WORK INSTRUCTIONS:
Each line of the material below is to be written out exactly. Leave out any picture.

DATA TO EXAMINE:
= Beginning of Section =

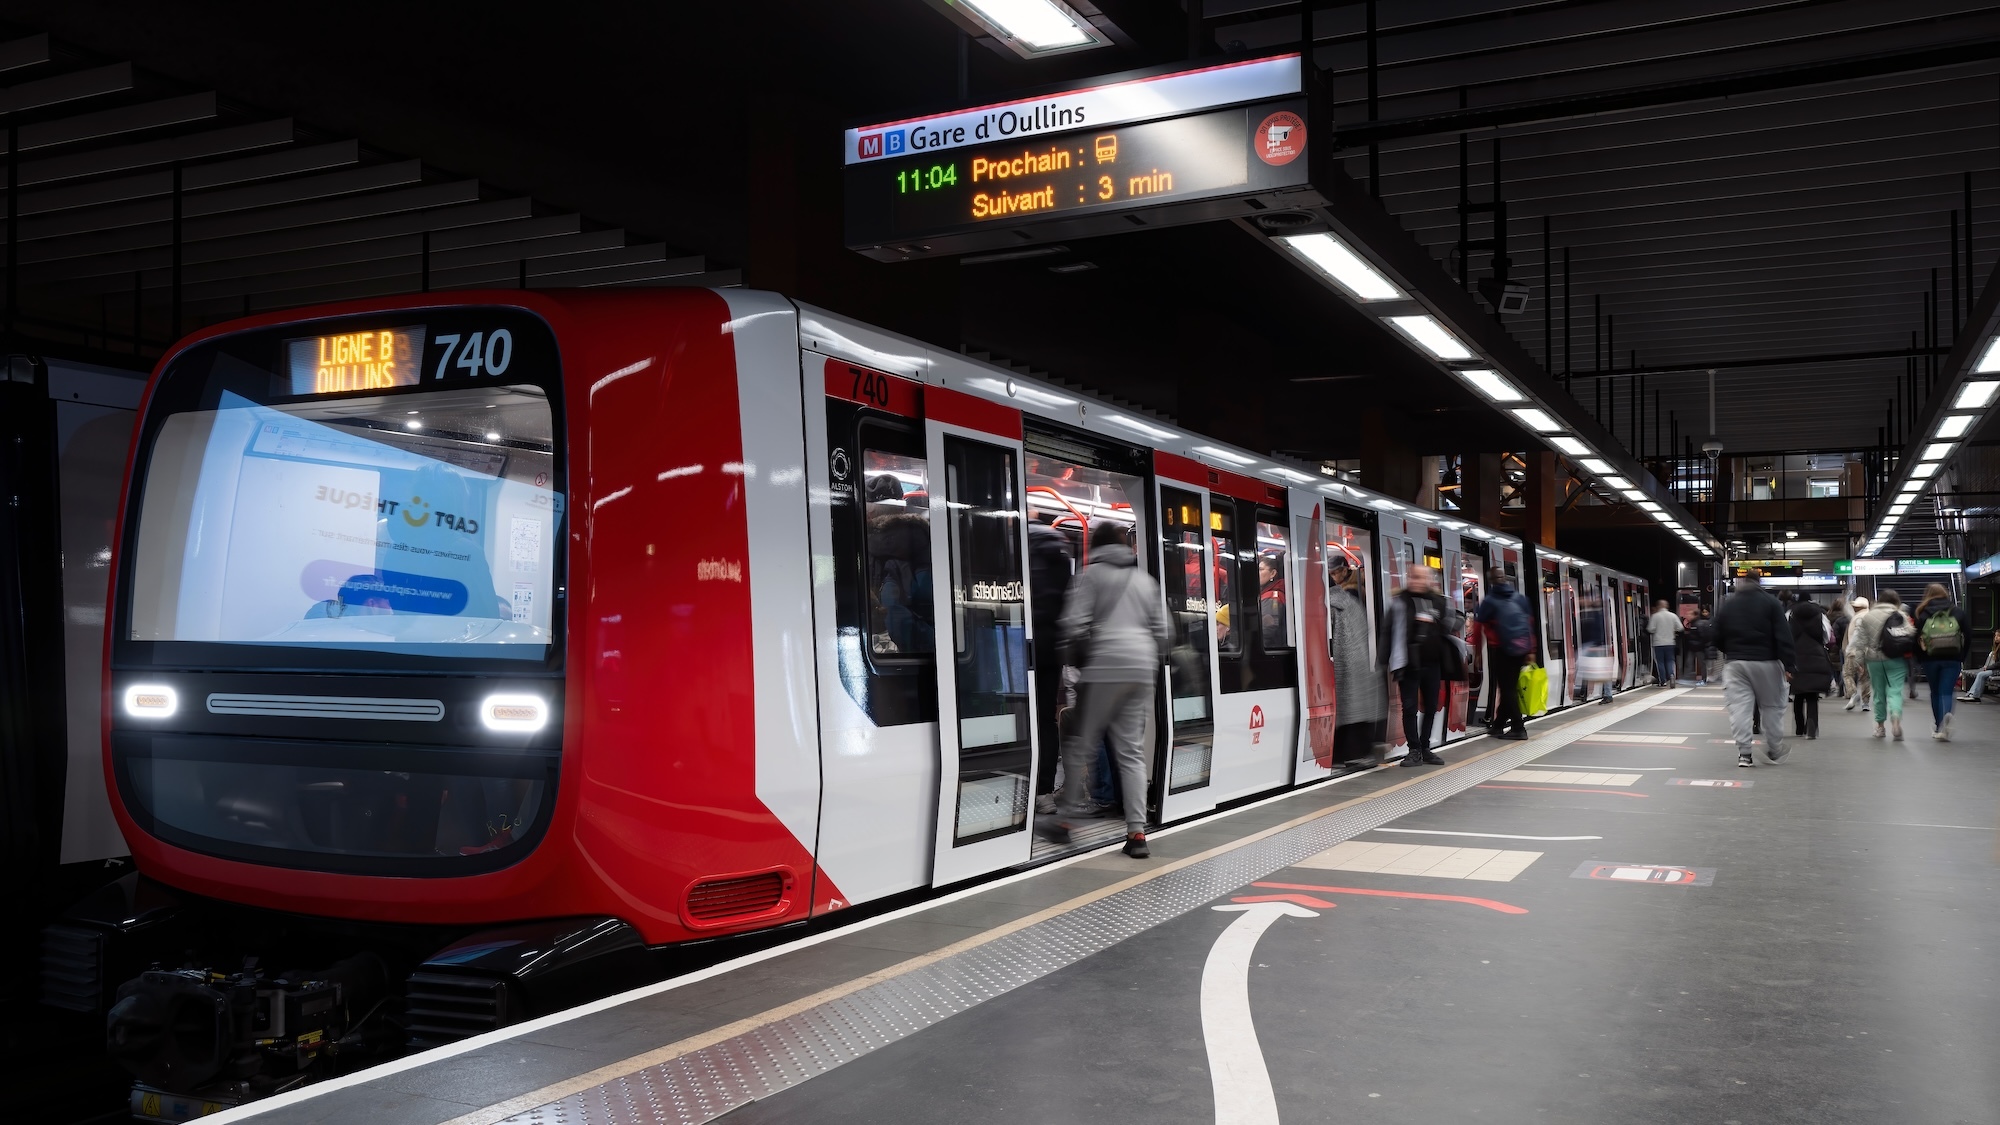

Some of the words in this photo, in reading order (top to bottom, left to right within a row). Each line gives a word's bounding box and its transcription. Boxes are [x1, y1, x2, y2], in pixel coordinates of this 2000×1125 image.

[863, 139, 879, 156] M
[889, 134, 901, 151] B
[910, 126, 966, 151] Gare
[975, 104, 1086, 140] d'Oullins
[897, 163, 957, 194] 11:04
[972, 147, 1070, 183] Prochain
[972, 186, 1054, 218] Suivant
[1098, 176, 1113, 200] 3
[1129, 168, 1173, 196] min
[320, 333, 373, 366] LIGNE
[380, 331, 394, 361] B
[435, 328, 513, 380] 740
[317, 361, 395, 394] OULLINS
[848, 367, 889, 407] 740
[831, 482, 853, 492] ALSTOM
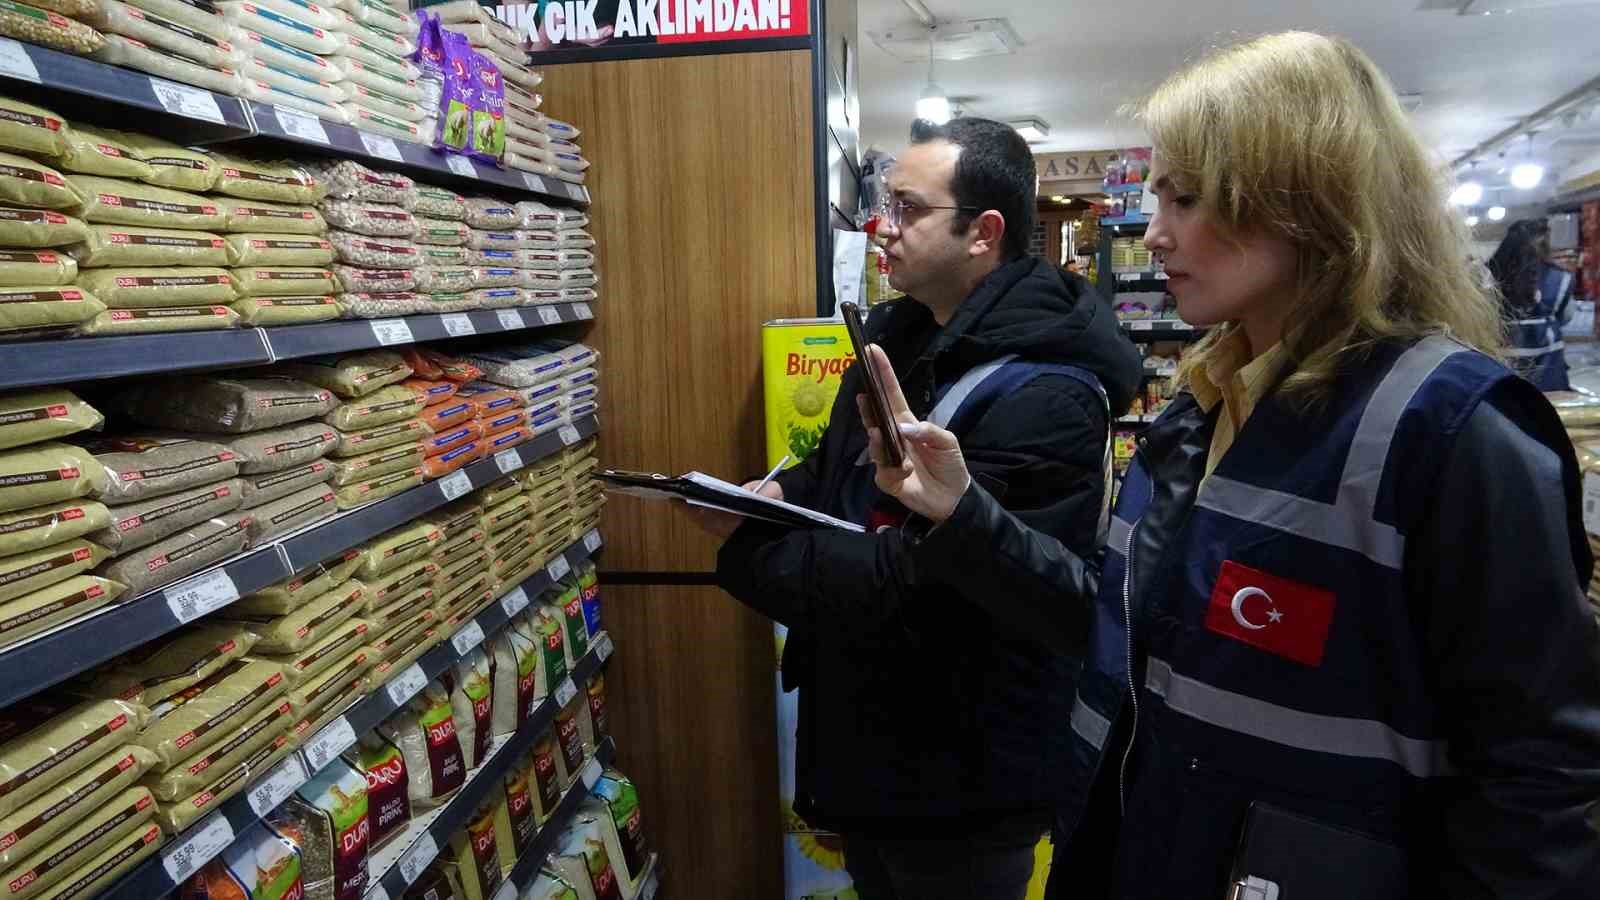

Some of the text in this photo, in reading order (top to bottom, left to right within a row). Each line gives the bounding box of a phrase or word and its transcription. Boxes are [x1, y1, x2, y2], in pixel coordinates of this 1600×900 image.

[545, 0, 599, 44] ÇIK
[613, 0, 791, 38] AKLIMDAN!
[367, 759, 402, 790] DURU
[10, 873, 34, 892] DURU

= End of Section =

PROBLEM SOLUTION:
Some of the words in this photo, in reading order (top to bottom, left to right within a row). Each line gives a word's bounding box and its transcription. Boxes are [x1, y1, x2, y2], in pixel coordinates of this 2000×1125 image.

[863, 139, 879, 156] M
[889, 134, 901, 151] B
[910, 126, 966, 151] Gare
[975, 104, 1086, 140] d'Oullins
[897, 163, 957, 194] 11:04
[972, 147, 1070, 183] Prochain
[972, 186, 1054, 218] Suivant
[1098, 176, 1113, 200] 3
[1129, 168, 1173, 196] min
[320, 333, 373, 366] LIGNE
[380, 331, 394, 361] B
[435, 328, 513, 380] 740
[317, 361, 395, 394] OULLINS
[848, 367, 889, 407] 740
[831, 482, 853, 492] ALSTOM

Some of the text in this photo, in reading order (top to bottom, left to right within a row). Each line gives the bounding box of a phrase or word and its transcription. Boxes are [x1, y1, x2, y2], in pixel coordinates of this 1600×900 image.

[545, 0, 599, 44] ÇIK
[613, 0, 791, 38] AKLIMDAN!
[367, 759, 402, 790] DURU
[10, 873, 34, 892] DURU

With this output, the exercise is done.